While sufficient rail-loading capacity additions are foreseen, various bottlenecks in the system (railcar availability, rail congestion, unloading facilities, etc.) mean Bakken discounts are likely to remain wide through 2014 (i.e., prevent Bakken prices from clearing at destination prices less rail transportation). Meanwhile, additional rail-unloading facilities are planned along the Gulf, East and West coasts.

In the Permian, pipeline additions appear sufficient to meet production growth through 2015, as the Basin Pipeline expansion and Longhorn reversal are due to come online in 2013 and help relieve near-term bottlenecks. In the Eagle Ford, infrastructure looks to be more than adequate, with over 1 MMbbl/d of pipeline capacity scheduled to have come on over the summer of 2012.

At Cushing, Oklahoma, the bottleneck should be eliminated in 2013 with both the Seaway Phase 2 and Keystone XL Southern leg due online. However, greater market balance may return in 2014 with Flanagan South carrying crude into Cushing; and a bottleneck could resurface in 2015 with greater volumes due to come into Cushing via various projects (e.g., Keystone XL Northern line, Pony Express, Oneok Bakken Express).

What is the upshot of this extensive infrastructure buildout? For one, domestic refiners will have far greater access to an expanded menu of U.S. and Canadian crudes, at better prices, as imports of foreign oil are backed out by the homegrown grades. From 1980-2006, the trend in refiners’ crude feedstock was towards heavier and more sour crudes from overseas. However, this trend has recently reverted towards higher quality, light sweet crudes, and this shift is expected to gain further momentum.

Eagle Ford production will increase availability of domestic light crudes. Permian output will boost domestic light grades and potentially sour crudes. Cushing pipeline capacity will carry domestic light crudes and Canadian heavy crudes.
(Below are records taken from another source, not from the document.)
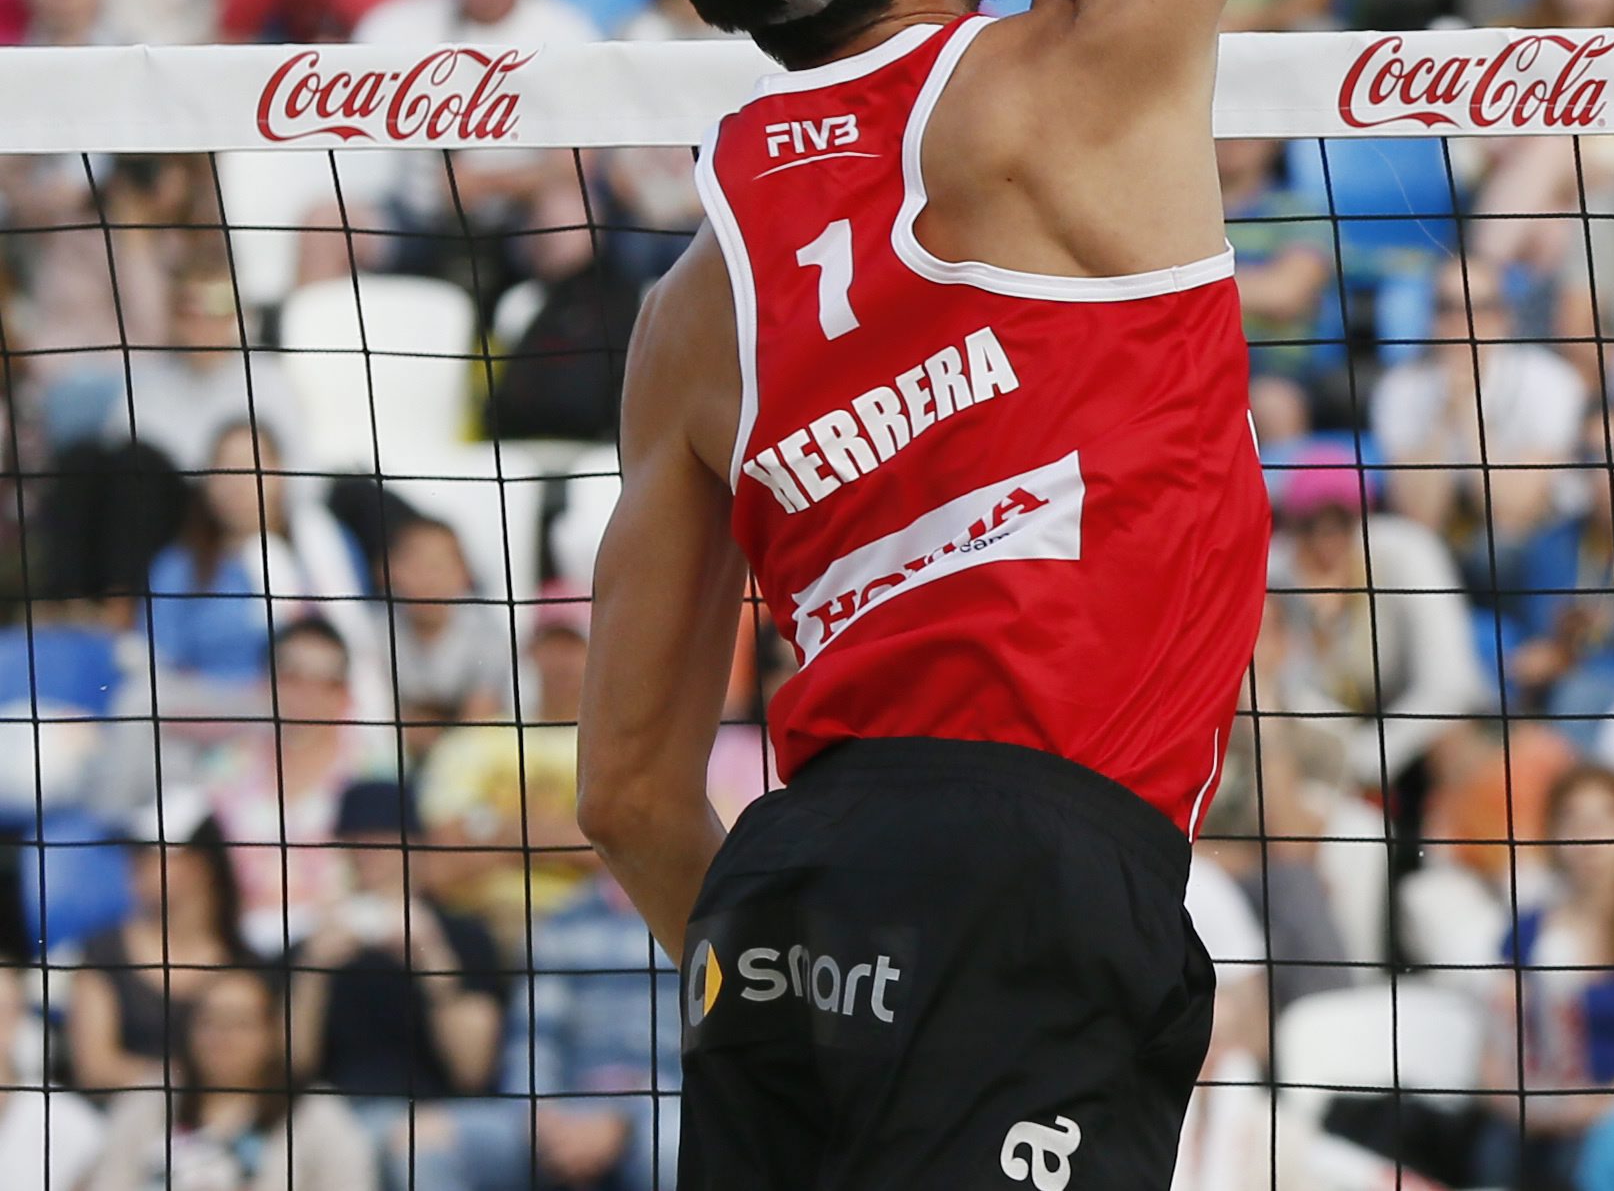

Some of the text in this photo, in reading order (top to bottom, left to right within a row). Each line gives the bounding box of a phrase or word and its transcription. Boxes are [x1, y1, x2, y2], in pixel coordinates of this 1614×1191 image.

[256, 49, 539, 143] Coca-Cola
[765, 113, 860, 158] FIVB
[795, 218, 861, 342] 1
[742, 325, 1020, 515] HERRERA
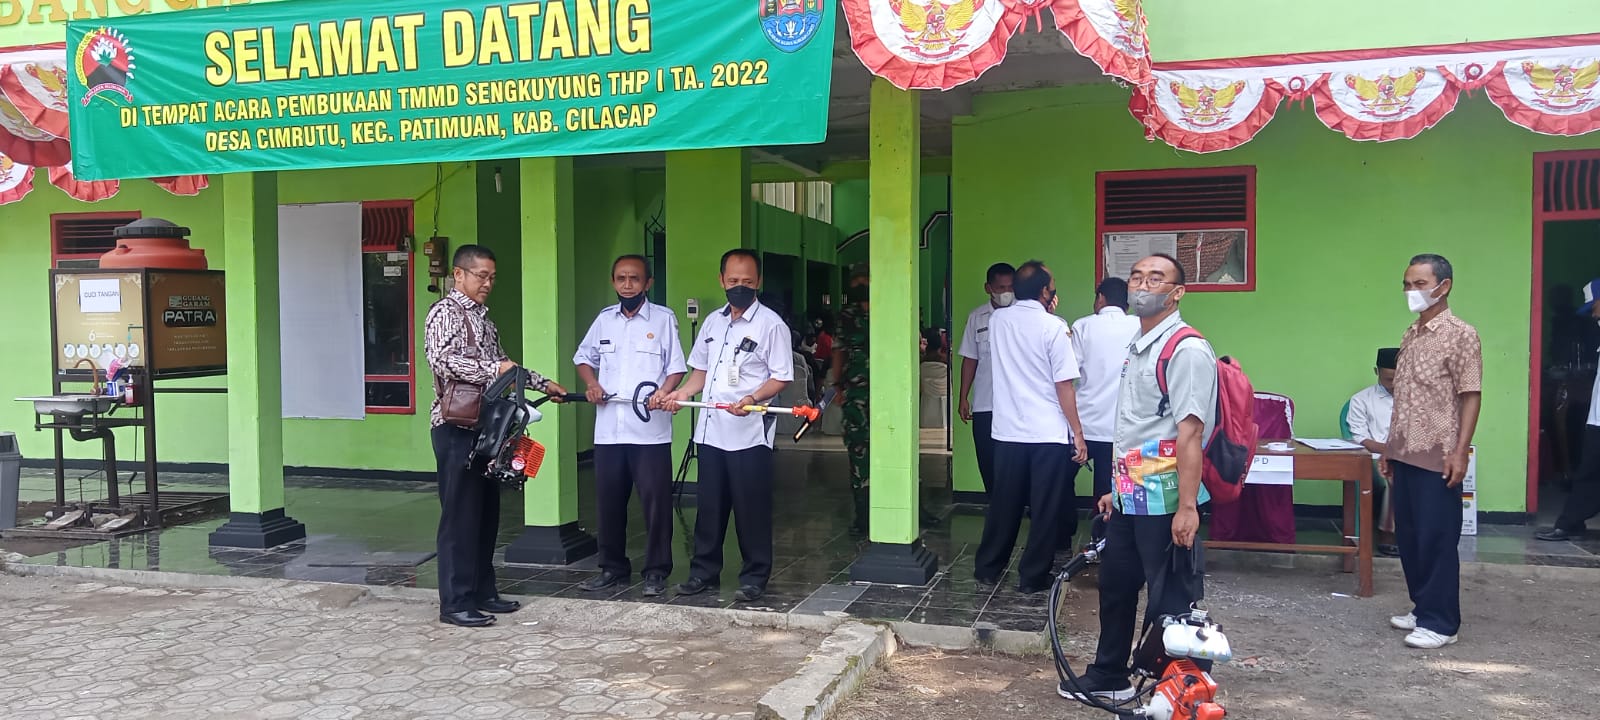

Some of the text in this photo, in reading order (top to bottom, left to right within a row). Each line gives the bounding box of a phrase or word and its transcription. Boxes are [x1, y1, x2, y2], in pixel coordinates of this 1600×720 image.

And, via rail, Bakken production is expected to displace foreign grades at coastal locations, including Brent and Bonnie Light on the East Coast.

With U.S. law preventing the export of domestic crudes, imported oils will be squeezed. In the Gulf Coast, imports have fallen from 5.4 MMbbl/d in 2010 to 4.9 million daily in 2011 and, based on latest data, 4.6 MMbbl/d year-to-date in 2012. Of this amount, imports of light crude account for about 700,000 bbl/d, and by 2013 this category is expected to be eliminated entirely.

Looking at oil imports into the U.S. as a whole, running at about 8.5 MMbbl/d year-to-date based on latest data, the base-case forecast is for a drop to 6 million daily by year-end 2015—another stride forward in the drive to energy independence!

Moreover, with Louisiana Light Sweet (LLS) prices no longer bid in tandem with Brent to levels needed to attract foreign supplies, LLS is expected to slip from its current premium to a discount to Brent of $2 to $6 per barrel. With lower LLS prices, combined with a growing menu of domestic light crudes competing for market share with international medium and heavy sour crudes, markedly lower feedstock costs for refiners should “result in U.S. refineries becoming among the most competitive refineries on a global basis.”